Para cara y cuello suele ser necesaria una cantidad equivalente a dos líneas largas de producto sobre dos dedos. Si además quieres cubrir orejas y escote, habitualmente se necesita algo más, aproximadamente el equivalente a tres dedos.

Si aplicas menos:

  • Disminuye la protección real
  • Un SPF 50 puede comportarse como un SPF mucho menor

Reaplicación: el paso más olvidado

No siempre es necesario reaplicar cada 2 horas de forma estricta si estás en interiores o trabajando en una oficina.

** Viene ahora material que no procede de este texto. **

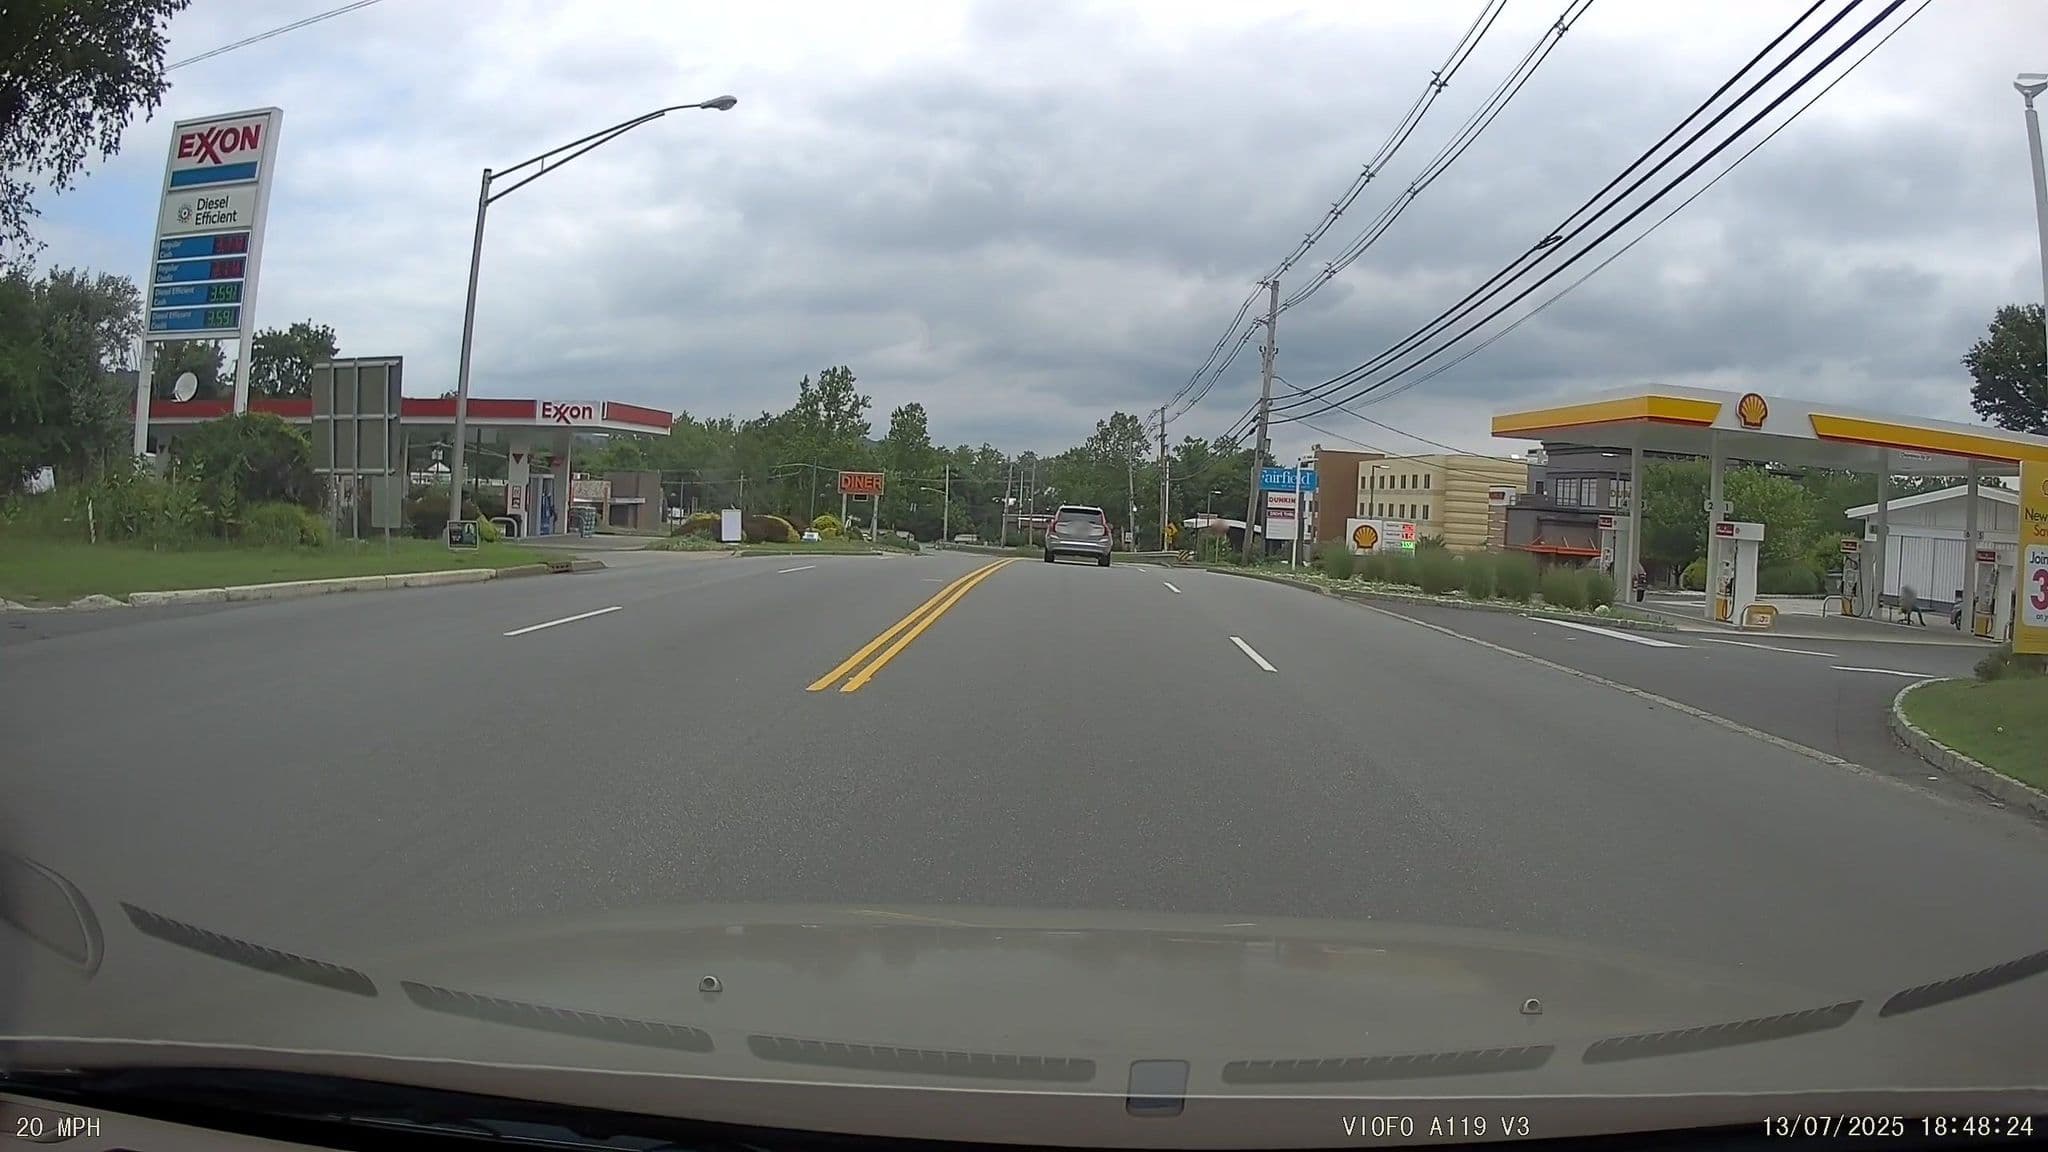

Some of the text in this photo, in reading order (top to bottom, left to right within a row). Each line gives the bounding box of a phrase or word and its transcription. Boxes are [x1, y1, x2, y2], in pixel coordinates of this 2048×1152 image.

[178, 124, 261, 164] EXXON
[197, 195, 230, 211] Diesel
[195, 210, 238, 226] Efficient
[542, 401, 593, 425] Exxon
[841, 474, 881, 489] DINER
[1262, 469, 1310, 484] airfied

Pero sí conviene reaplicar:

  • Cada 2 horas si estás al aire libre o con exposición solar mantenida
  • Después de bañarte
  • Después de sudar
  • Tras secarte con la toalla

En el día a día, para la cara puede resultar más cómodo reaplicar con:

  • Brumas solares
  • Stick
  • Fotoprotectores en polvo (como complemento, no como única protección)

No olvides estas zonas

Las zonas que con más frecuencia olvidamos y donde luego aparecen manchas o lesiones son:

  • Orejas
  • Cuello
  • Escote
  • Manos
  • Labios
  • Cuero cabelludo si hay poca cantidad de pelo

El protector solar no lo es todo: sentido común

El protector solar ayuda mucho, pero no sustituye otras medidas de protección.

También es importante:

  • Evitar exposiciones prolongadas e innecesarias
  • Tener especial cuidado en las horas centrales del día, sobre todo cuando el índice UV es alto
  • Buscar sombra cuando sea posible
  • Usar gorra, gafas de sol y ropa adecuada

Pero esto tampoco significa que debamos vivir pendientes del sol o evitar cualquier exposición. Un rato corto al aire libre, caminar o tomar algo de sol en brazos o piernas cuando la radiación es baja puede ser beneficioso.

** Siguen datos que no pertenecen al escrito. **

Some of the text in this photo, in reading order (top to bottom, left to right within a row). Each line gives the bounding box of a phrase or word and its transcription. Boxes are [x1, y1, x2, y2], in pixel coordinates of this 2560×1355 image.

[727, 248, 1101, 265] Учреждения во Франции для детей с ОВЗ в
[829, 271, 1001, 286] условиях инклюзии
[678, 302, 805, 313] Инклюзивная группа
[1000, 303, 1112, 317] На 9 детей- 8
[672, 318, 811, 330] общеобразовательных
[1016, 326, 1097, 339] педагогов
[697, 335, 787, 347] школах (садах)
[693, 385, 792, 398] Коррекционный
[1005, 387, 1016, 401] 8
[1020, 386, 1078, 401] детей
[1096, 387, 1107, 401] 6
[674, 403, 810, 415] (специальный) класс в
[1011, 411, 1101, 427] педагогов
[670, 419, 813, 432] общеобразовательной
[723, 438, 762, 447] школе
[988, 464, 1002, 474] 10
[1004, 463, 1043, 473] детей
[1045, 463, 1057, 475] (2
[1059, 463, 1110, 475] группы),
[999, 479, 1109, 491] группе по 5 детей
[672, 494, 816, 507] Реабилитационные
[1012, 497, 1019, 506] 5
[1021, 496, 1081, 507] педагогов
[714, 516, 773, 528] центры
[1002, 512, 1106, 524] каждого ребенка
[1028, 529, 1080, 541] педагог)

La mejor fotoprotección es la que se adapta a tu vida real y se hace de forma constante y razonable.


Beneficios del uso adecuado del protector solar

Usado correctamente, el protector solar ayuda a:

  • Prevenir el fotoenvejecimiento
  • Reducir la aparición de manchas
  • Disminuir el riesgo de cáncer de piel
  • Mantener una piel más sana y uniforme
  • Prevenir el empeoramiento de enfermedades como melasma, rosácea o lupus cutáneo

Conclusión

El protector solar es un producto imprescindible, especialmente en la cara y en las zonas más expuestas. Sin embargo, no se trata de ponérselo siempre y en cualquier situación, sino de aprender a usarlo de forma inteligente.

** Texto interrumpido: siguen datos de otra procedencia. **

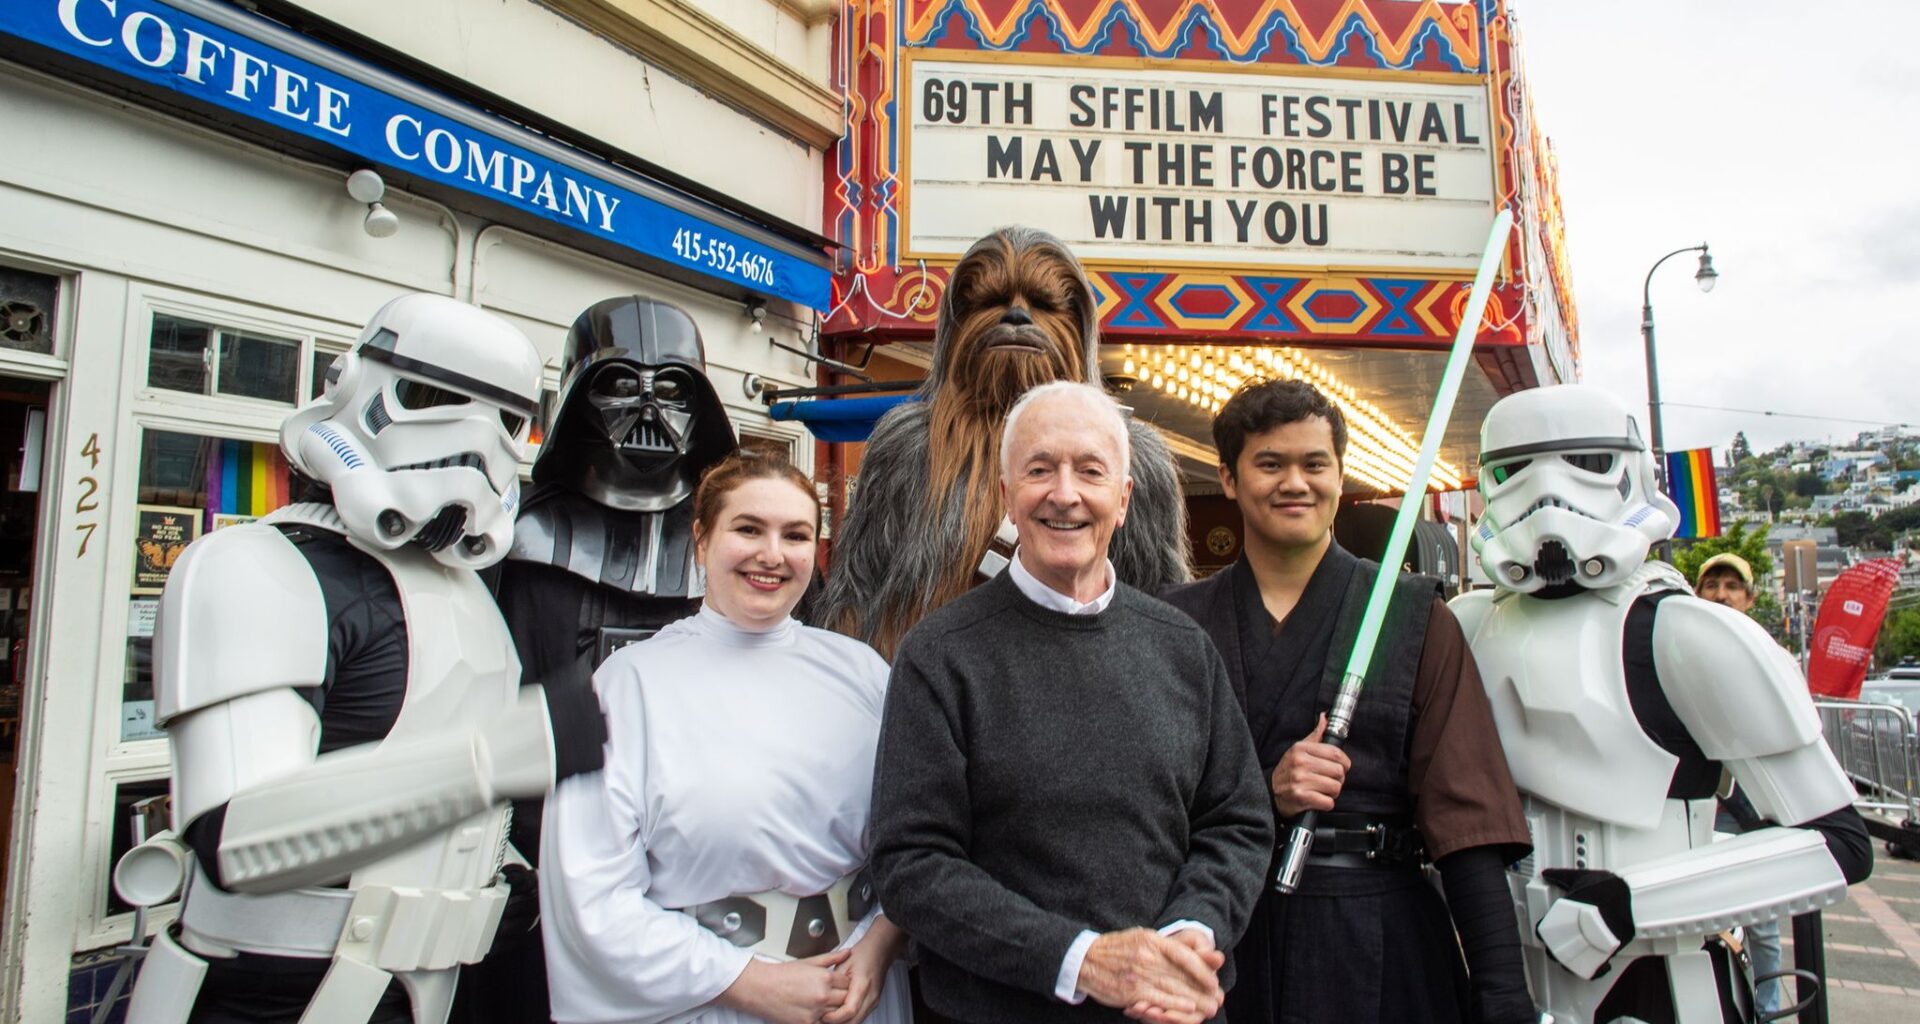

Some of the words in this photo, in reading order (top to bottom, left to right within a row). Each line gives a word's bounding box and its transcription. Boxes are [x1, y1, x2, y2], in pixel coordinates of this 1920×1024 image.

Proteger la cara a diario, vigilar el índice UV, reaplicar cuando sea necesario y permitir una exposición breve y razonable en otras zonas cuando la radiación es baja es, probablemente, la forma más sensata y equilibrada de cuidar la piel.

Si tienes dudas sobre qué protector solar elegir según tu tipo de piel, tus manchas o tus patologías cutáneas, lo más recomendable es consultar con un dermatólogo.